— Все хорошо. Все классно.
Но мне хотелось, чтобы она замолчала. И она замолчала — нахмурясь. Так что одно желание сбылось. Одно сбылось, и одно осталось.
Когда подошли к дому, бабушка сказала, что у нее разыгрывается мигрень, она попробует остановить ее таблеткой и непродолжительным сном, поцеловала меня и ушла в дом. Я пробежал по саду и затаился под глициниями, как бандит, поджидающий сообщника.
Вскоре появился сын миссис Фергюсон. Он был высок для своего возраста, под метр восемьдесят, и мускулист, как портовый грузчик. Ничего общего с матерью. Не только темная кожа: правильные черты лица с четким костяком — отец его, верно, был красивый мужчина. И, в отличие от миссис Фергюсон, его изумрудные глаза были не бессмысленными кружочками из комиксов, но узкими и злыми — оружие, заряженное и готовое выстрелить. Я не удивился, когда услышал несколько лет спустя, что он убил двух человек в Хьюстоне и умер на электрическом стуле в тюрьме штата Техас.
Он был франт — одет, как взрослые бандюги, околачивавшиеся в портовом районе: панама, двухцветные туфли, узкий белый полотняный костюм, должно быть, подаренный более худым человеком. Из нагрудного кармана торчала внушительная сигара — "Гавана Касл-Морро", сигара разборчивых джентльменов из Садового района, употребляемая после обеда с абсентом и малиновым бренди. Москит Фергюсон картинно, по-гангстерски закурил сигару, соорудил из дыма безупречное кольцо, пустил его мне в лицо и сказал:
— Пойдешь со мной.
— Сейчас?
— Как принесешь старухино ожерелье.
Тянуть время было бесполезно, но я попытался:
— Какое ожерелье?
— Не болтай ерунды. Давай тащи его, и пойдем кое-куда. Иначе не пойдем. И больше случая не будет.
— Но оно на ней.
Еще одно мастерское кольцо пущено в мою сторону.
— Не мое дело, как ты его стыришь. Давай его сюда. Жду.
— Но, может, быстро не получится. А если совсем не смогу?

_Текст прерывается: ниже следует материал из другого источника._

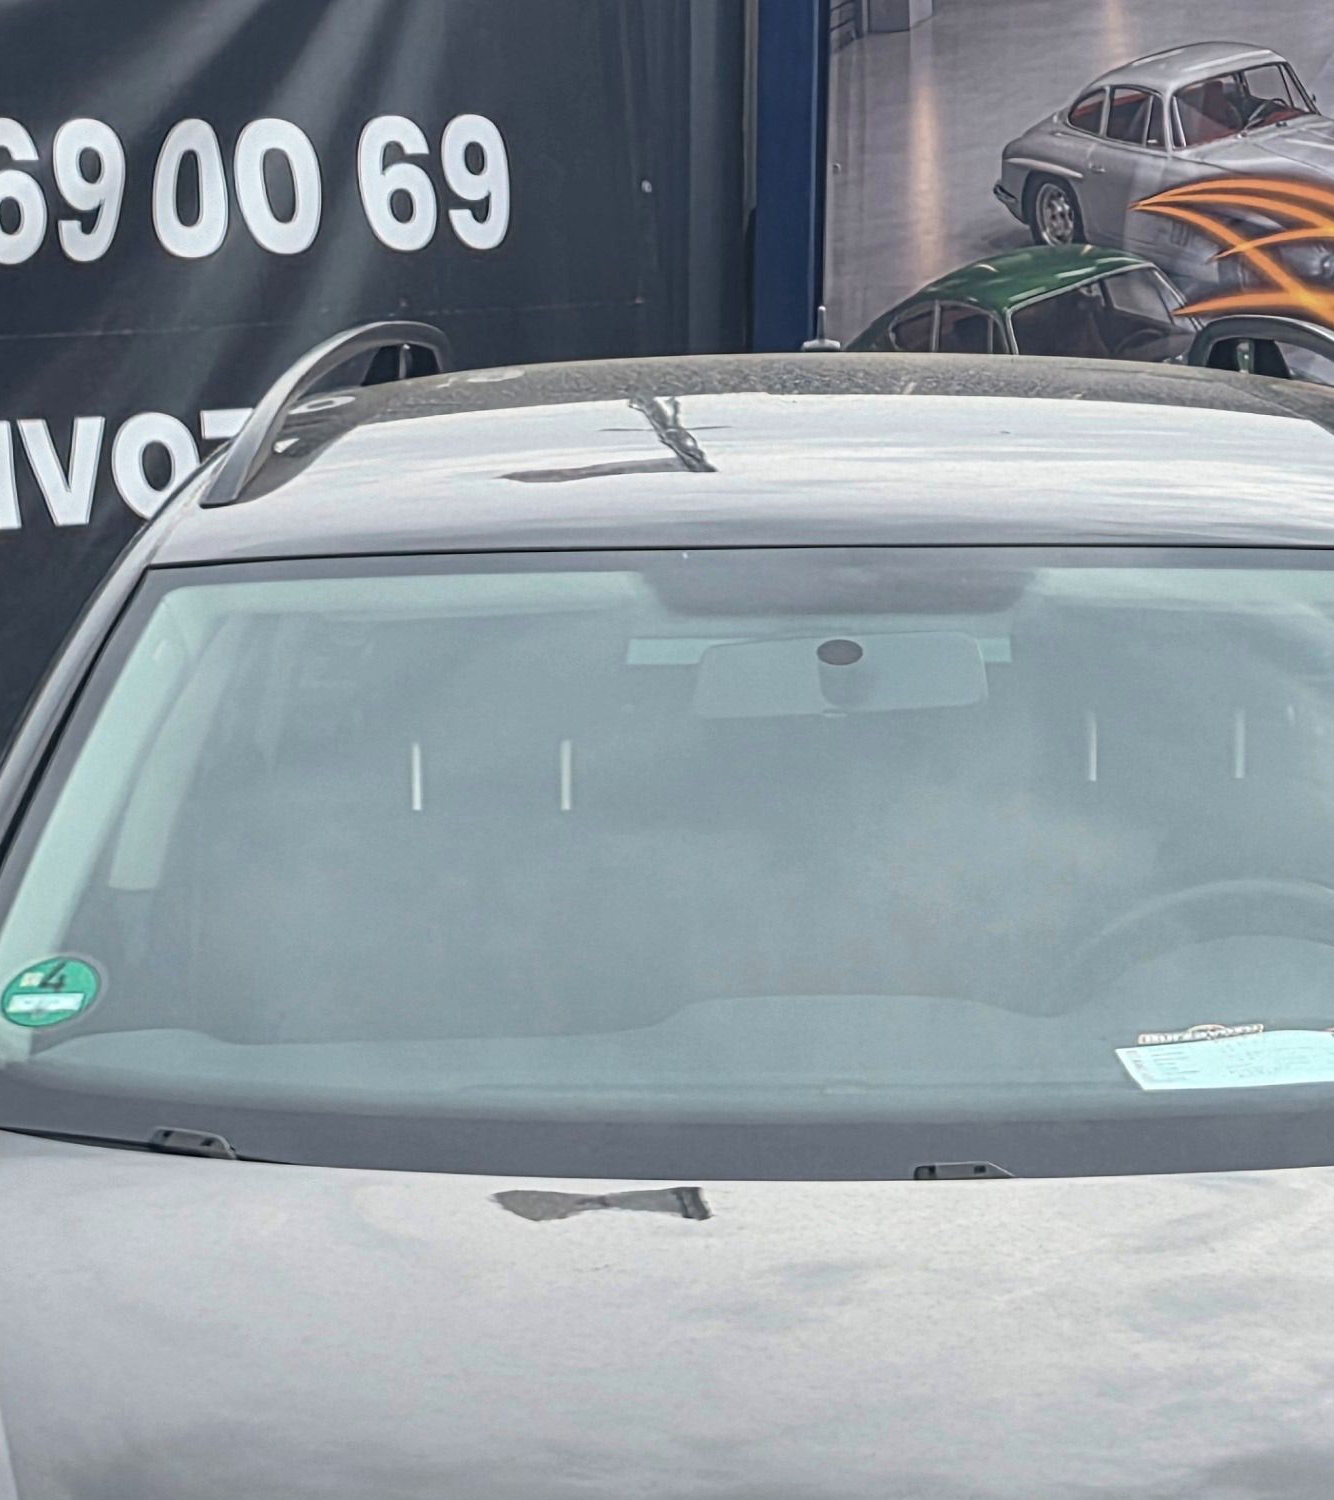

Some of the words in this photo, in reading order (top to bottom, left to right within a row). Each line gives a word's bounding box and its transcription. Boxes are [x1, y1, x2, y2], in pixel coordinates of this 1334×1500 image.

[152, 117, 322, 259] 00
[357, 113, 510, 251] 69
[38, 960, 66, 993] 4

— Сможешь. Я тебя дождусь.
Дом, когда я вошел через кухонную дверь, показался мне пустым; он и был пуст: кроме бабушки, все уехали навестить только что вышедшую замуж родственницу на том берегу реки. Окликнув бабушку по имени и не получив ответа, я на цыпочках поднялся по лестнице и послушал у ее двери. Она, наверное, спала. Я рискнул приоткрыть дверь.
Шторы были задернуты, в комнате темно, если не считать жаркого блеска углей в фаянсовой печке. Бабушка лежала в постели, укрывшись до подбородка; таблетку от головной боли она, должно быть, приняла, потому что дышала глубоко и ровно. С осторожностью грабителя, поворачивающего замок банковского сейфа, я отвернул ее стеганое одеяло. На шее у нее ничего не было, бабушка легла спать в одной розовой рубашке. Ожерелье я нашел на бюро, оно лежало перед фотографией трех ее сыновей, в том числе моего отца. Я так давно его не видел, что забыл, как он выглядит, — а после сегодняшнего, уж наверное, и не увидел бы больше. А если и увидел бы, он бы меня не узнал. Но думать об этом мне было некогда. Москит Фергюсон ждал меня, стоял под глициниями, постукивал по земле ногой и сосал свою миллионерскую сигару. Тем не менее я колебался.